I hear so much about the hypothetical Varric romance that I wouldn't be surprised if Bioware actually did one.

And then I would hand them all of my money.

posted by NoraReed at 11:08 PM on October 15, 2011


This is closer to Red: Werewolf Hunter than The Guild.
posted by unmake at 12:39 AM on October 16, 2011 [1 favorite]


Most RPGs are kind of bad fanfiction to begin with. You get to make your character special before you've even started the game, let alone once you've completed some quests. But watching it play out as a video is like reading someone else's fanfiction, and that's never as fun as the author intended.

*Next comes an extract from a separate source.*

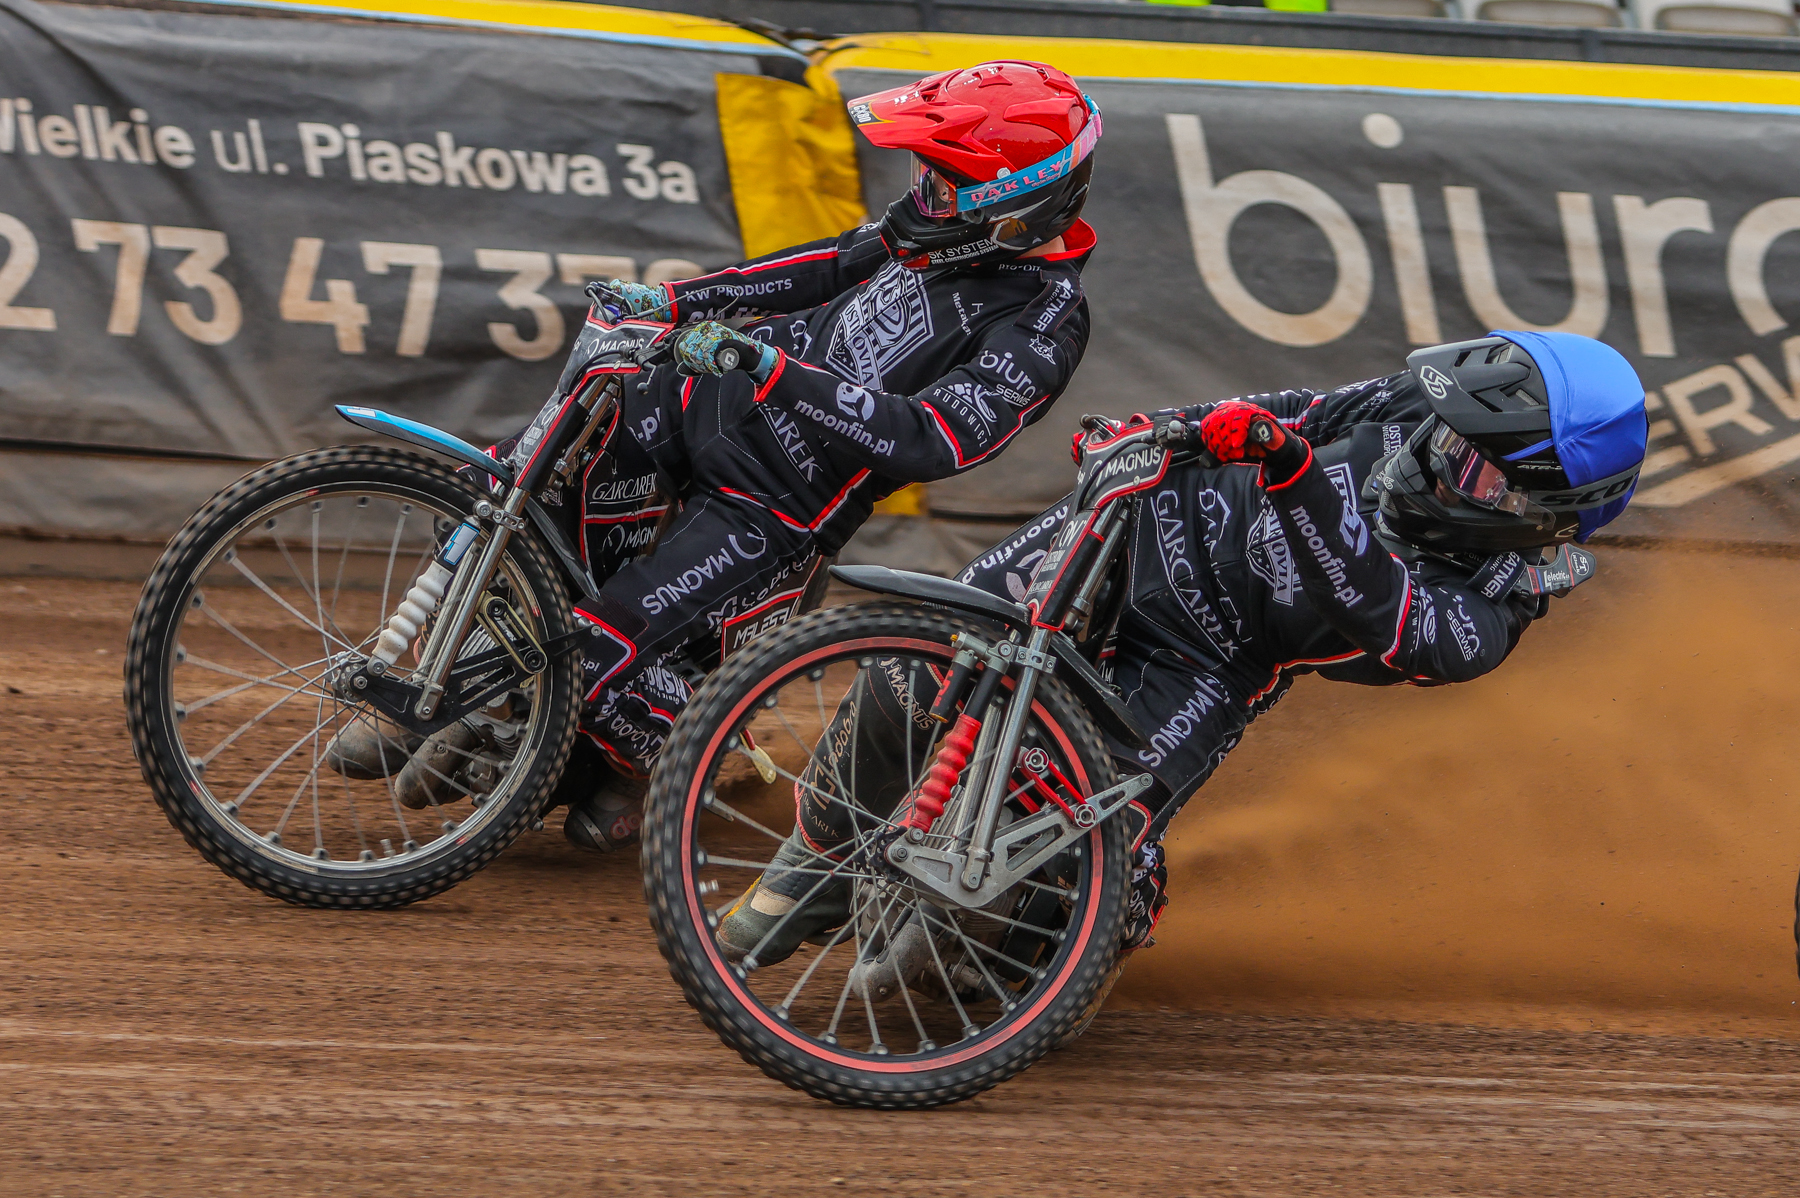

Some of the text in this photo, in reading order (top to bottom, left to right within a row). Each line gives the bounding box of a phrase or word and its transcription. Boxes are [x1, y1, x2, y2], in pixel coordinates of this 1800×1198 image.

That said, it'll probably look better after a couple episodes.
posted by Kaleidolia at 2:33 AM on October 16, 2011


I really liked DA when I started playing it, but the combat lost me. Even with pausing it felt like there was too much going on at once, I never felt like my characters were doing exactly what I wanted, and the whole aggro management felt very artificial to me.

To be fair, the pause to act has bugged me since BG, though I think Baulder's Gate did it better then any following game. Really, I want so someone to make a modern, non-jRPG tactical RPG. Real-time is so dominant these days it is annoying.
posted by Canageek at 8:51 AM on October 16, 2011


And 'Qunari' refers to a follower of the Qun. The big horned guys are kossith, who usually are Qunari. /pushes up nerd glasses.

I haven't watched this yet, but I did play the DLC. Day's character is a member of the Ben-Hassrath, who I gather are the intelligence branch of the Qunari and include members of many races. She says she used to be selfish like Isabela, but now she fights for something she believes in.

I was disappointed in DA2, but since I bought the damned thing I might as well get what I can out of it. Mark of the Assassin is okay when you're already used to DA2's flaws. It's nice to get out of Kirkwall and the banter is entertaining, but yeah, playing hide and seek with ze Orlesians can get a bit tedious.

OTOH, if you liked DA:O, the Legacy DLC is worth getting. I enjoyed it more than any other part of DA2.
posted by homunculus at 9:45 AM on October 16, 2011


... now how about a DLC that lets you romance Varric?

I want one for Bethany. Taboos be damned, and she's not really my sister anyway. And now that fop Sebastian is making eyes at her.

posted by homunculus at 9:53 AM on October 16, 2011


...I think I ship it now.
posted by NoraReed at 11:58 AM on October 16, 2011


... Maker nooooooooooooooooo!
posted by lovecrafty at 12:49 PM on October 16, 2011


lovecrafty and homonculus: thanks for clearing that up! I've only played DAO and none of its DLC, so I wasn't aware that Qunari didn't automatically mean "the really big people". Neat!
posted by kavasa at 3:56 PM on October 16, 2011






See, I think that's pure spin. You'd have had to be deaf, dumb, and blind not to see the reaction coming. What caught them off guard wasn't the reaction of the hardcore fans, it was the widespread impact of that reaction. A more accurate statement from Bioware would be along the lines of "We knew we would alienate hardcore fans with some of our design decisions but we believed that demographic no longer had the impact on the modern video game market that it once did. We believed that by streamlining the game mechanics and making it more action oriented we would widen our consumer base enough to drown out the old school fans whom we deliberately threw under the bus in our marketing campaign."

Has there been a more misguided marketing push for a game since the "John Romero's about to make you his bitch... suck it down." ad for Daikatana? They basically came out and said that fans of the first Dragon Age were dinosaurs out of step with modern gaming.
posted by Justinian at 5:59 PM on October 17, 2011 [2 favorites]


Day was interviewed at the Onion AV Club about, among other things, Dragon Age: Redemption.
posted by jedicus at 8:49 AM on October 18, 2011


I agree, Justinian. Don't miss the comment by TerrorK, who says much the same.